Met deze brief wil ik de vraag van de heer R. de Boer beantwoorden. Ik heb ten behoeve van dit antwoord een opdracht gegeven aan een adviesbureau om op basis van bij de Commissie m.e.r. beschikbare cijfers een inventarisatie te maken van de mate waarin cultuurhistorische waarden zijn meegenomen in kleine MERprojecten in de periode 2008-2015. In mijn beantwoording ga ik ervan uit dat met «kleinere mer-projecten» de projecten worden bedoeld die de beperkte mer-procedure moeten doorlopen. Van deze mer-procedures bestaat geen volledig landelijk overzicht meer, omdat toetsing van deze MER’ren door de Commissie m.e.r. sinds inwerkingtreding van de Wet modernisering mer niet meer verplicht is maar facultatief is geworden. Mijn antwoord bestaat uit twee delen.

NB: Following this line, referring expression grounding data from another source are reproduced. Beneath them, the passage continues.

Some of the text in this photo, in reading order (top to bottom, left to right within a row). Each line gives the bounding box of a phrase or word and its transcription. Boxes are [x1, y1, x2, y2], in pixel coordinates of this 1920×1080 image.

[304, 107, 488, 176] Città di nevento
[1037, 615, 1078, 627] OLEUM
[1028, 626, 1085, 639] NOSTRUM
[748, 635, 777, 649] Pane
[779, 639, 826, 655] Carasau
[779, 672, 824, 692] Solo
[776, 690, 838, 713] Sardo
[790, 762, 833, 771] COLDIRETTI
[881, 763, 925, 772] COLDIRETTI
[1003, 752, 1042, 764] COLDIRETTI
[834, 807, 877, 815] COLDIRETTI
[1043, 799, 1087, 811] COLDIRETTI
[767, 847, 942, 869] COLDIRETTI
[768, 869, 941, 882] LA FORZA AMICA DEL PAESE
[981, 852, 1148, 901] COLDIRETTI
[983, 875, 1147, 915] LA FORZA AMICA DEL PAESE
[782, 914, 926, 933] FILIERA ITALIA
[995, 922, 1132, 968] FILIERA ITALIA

Allereerst heeft de Commissie m.e.r. desgevraagd aangegeven dat uit eigen onderzoek blijkt dat er maar weinig project m.e.r.-procedures worden doorlopen die uitsluitend de beperkte mer-procedure doorlopen en dus niet door de Commissie getoetst worden. Dit zijn er slechts enkele per jaar, voornamelijk veehouderijen.

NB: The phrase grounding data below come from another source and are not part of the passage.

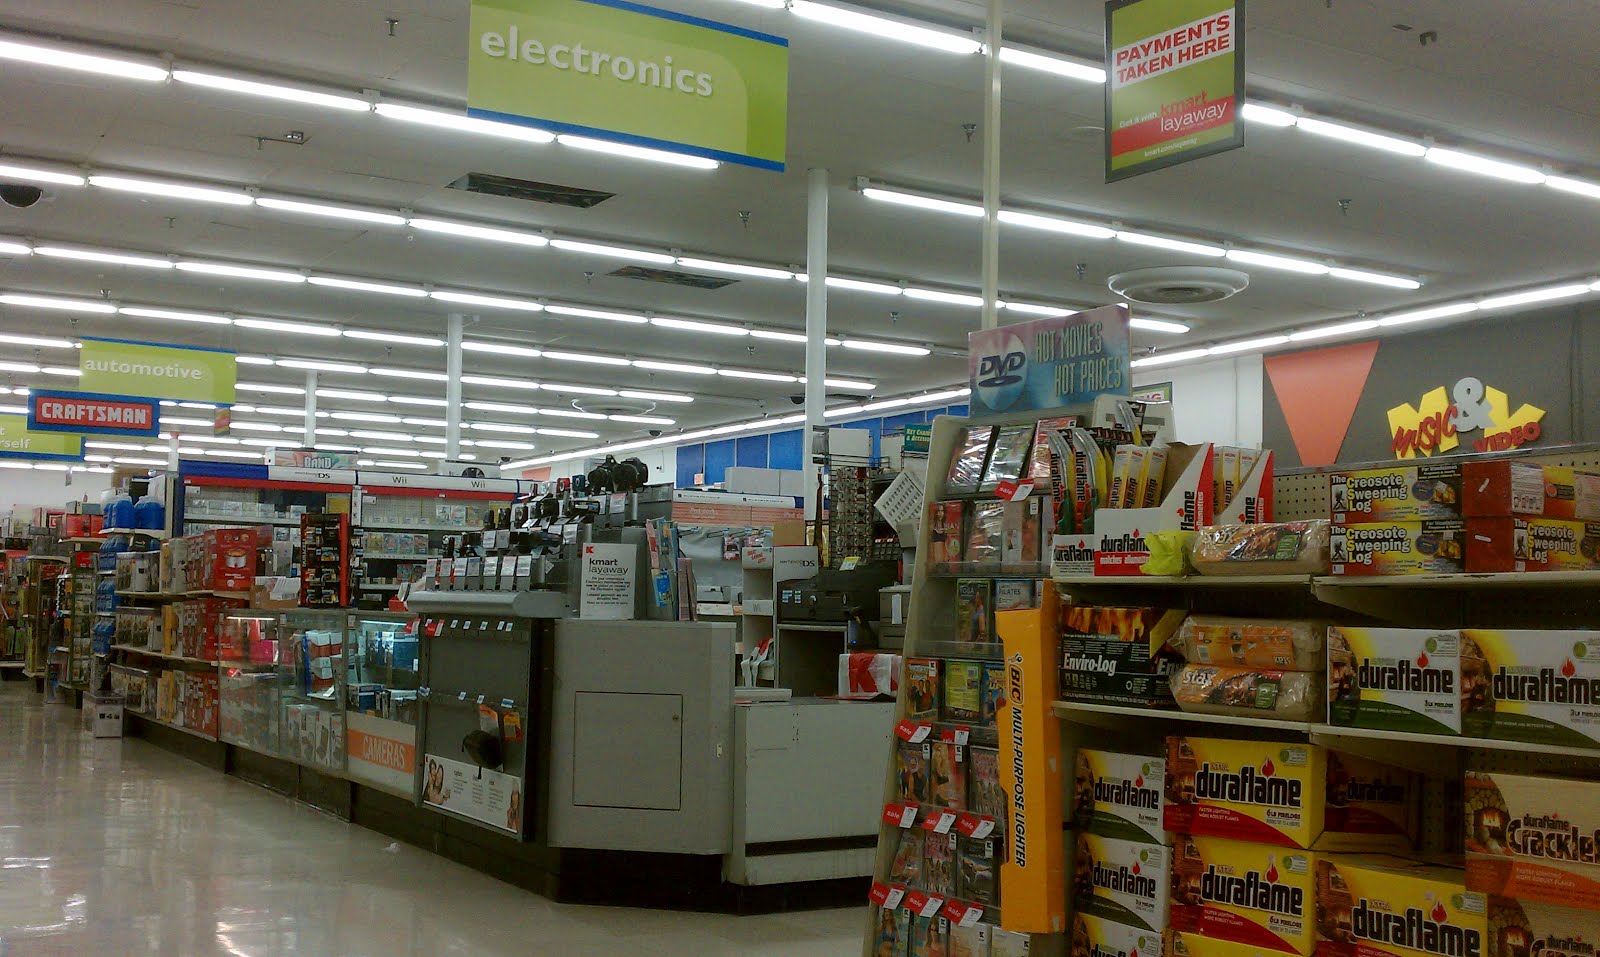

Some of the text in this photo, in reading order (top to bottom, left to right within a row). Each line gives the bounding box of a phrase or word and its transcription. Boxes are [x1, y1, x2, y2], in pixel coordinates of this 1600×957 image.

[1116, 14, 1230, 66] PAYMENTS
[480, 25, 713, 97] electronics
[1116, 33, 1230, 84] TAKEN HERE
[1160, 88, 1208, 116] kmart
[1160, 102, 1228, 132] layaway
[1035, 323, 1104, 364] HOT MOVIES
[84, 357, 202, 379] automotive
[980, 352, 1026, 376] DVD
[1055, 357, 1122, 397] HOT PRICES
[41, 402, 147, 425] CRAFTSMAN
[1391, 404, 1458, 457] MUSIC
[1472, 421, 1542, 452] VIDEO
[304, 456, 332, 469] BAND
[391, 476, 407, 484] Wii
[471, 480, 486, 489] Wii
[1050, 453, 1062, 503] duraflame
[1075, 451, 1086, 501] duraflame
[1331, 473, 1404, 489] The Creosote
[999, 486, 1014, 495] sale
[1346, 485, 1408, 501] Sweeping
[1347, 501, 1372, 513] Log
[1330, 526, 1407, 541] The Creosote
[1513, 518, 1528, 528] The
[1527, 523, 1575, 539] Creosote
[1346, 538, 1411, 554] Sweeping
[1527, 536, 1577, 556] Sweeping
[1528, 548, 1548, 564] Log
[588, 565, 629, 575] layaway
[589, 558, 618, 566] kmart
[1347, 552, 1373, 565] Log
[1063, 653, 1118, 677] Enviro-Log
[1358, 657, 1454, 694] duraflame
[1010, 667, 1021, 702] BIC
[1493, 666, 1600, 705] duraflame
[899, 724, 913, 735] sale
[362, 736, 406, 770] CAMERAS
[1012, 706, 1025, 812] MULTI-PURPOSE
[1094, 776, 1160, 810] duraflame
[1196, 763, 1302, 807] duraflame
[886, 810, 900, 818] sale
[960, 819, 975, 830] sale
[1523, 813, 1570, 831] duraflame
[1015, 811, 1026, 868] LIGHTER
[1093, 861, 1157, 899] duraflame
[1202, 865, 1303, 916] duraflame
[872, 889, 886, 899] sale
[910, 897, 923, 907] sale
[946, 906, 962, 917] sale
[1353, 899, 1481, 957] duraflame

Eén van de redenen hiervan is dat in veel gevallen voor een project-m.e.r.-plichtige activiteit tevens een plan-mer-plichtig besluit nodig is, bijvoorbeeld een wijziging van het bestemmingsplan. Ook komt het voor dat meerdere project- en plan-m.e.r.-plichtige besluiten deel uitmaken van één grotere ontwikkeling en er één gecombineerd plan- en project-MER wordt opgesteld. Vanwege de plan-m.e.r.-plicht moet dit dan de uitgebreide mer-procedure doorlopen en wordt het dus ter toetsing aan de Commissie m.e.r. voorgelegd. Een derde reden kan zijn dat voor het voornemen tevens een Passende beoordeling nodig is en dus de uitgebreide mer-procedure moet worden doorlopen.
In de meeste gevallen vindt er dus nog een onafhankelijke toetsing van de kwaliteit en volledigheid van het project-MER door de Commissie m.e.r. plaats.

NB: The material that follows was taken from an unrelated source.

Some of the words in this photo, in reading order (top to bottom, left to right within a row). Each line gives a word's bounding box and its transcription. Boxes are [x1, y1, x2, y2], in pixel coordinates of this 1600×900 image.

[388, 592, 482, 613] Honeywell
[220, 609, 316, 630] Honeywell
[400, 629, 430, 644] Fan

Vervolgens zijn de adviezen van de Commissie m.e.r. bekeken, die gaan over project-MER’ren die op basis van het soort activiteit weliswaar onder de beperkte mer-procedure zouden vallen, maar toch aan de Commissie m.e.r. ter toetsing zijn voorgelegd. Dit vanwege samenloop met plan-m.e.r of de verplichting tot opstellen van een Passende beoordeling, of op vrijwillige basis.
Bij beschouwing van 433 adviezen over de periode 2008-2015 (zie bijlage) blijkt dat de Commissie m.e.r. jaarlijks in circa 20% van de gevallen (variërend van 18% tot 25%), opmerkingen heeft gemaakt, essentiële tekortkomingen heeft geconstateerd of aanbevelingen voor het vervolgtraject heeft gedaan over cultuurhistorische belangen, onderverdeeld in archeologie, landschap en monumenten/stedenbouw. In de overige MER’ren was het aspect cultuurhistorie ofwel niet van belang, ofwel voldoende beschreven. Wat dit laatste betreft kan gemeld worden dat in de adviezen van de Commissie m.e.r. ook regelmatig expliciet wordt opgemerkt dat cultuurhistorische aspecten goed zijn beschreven.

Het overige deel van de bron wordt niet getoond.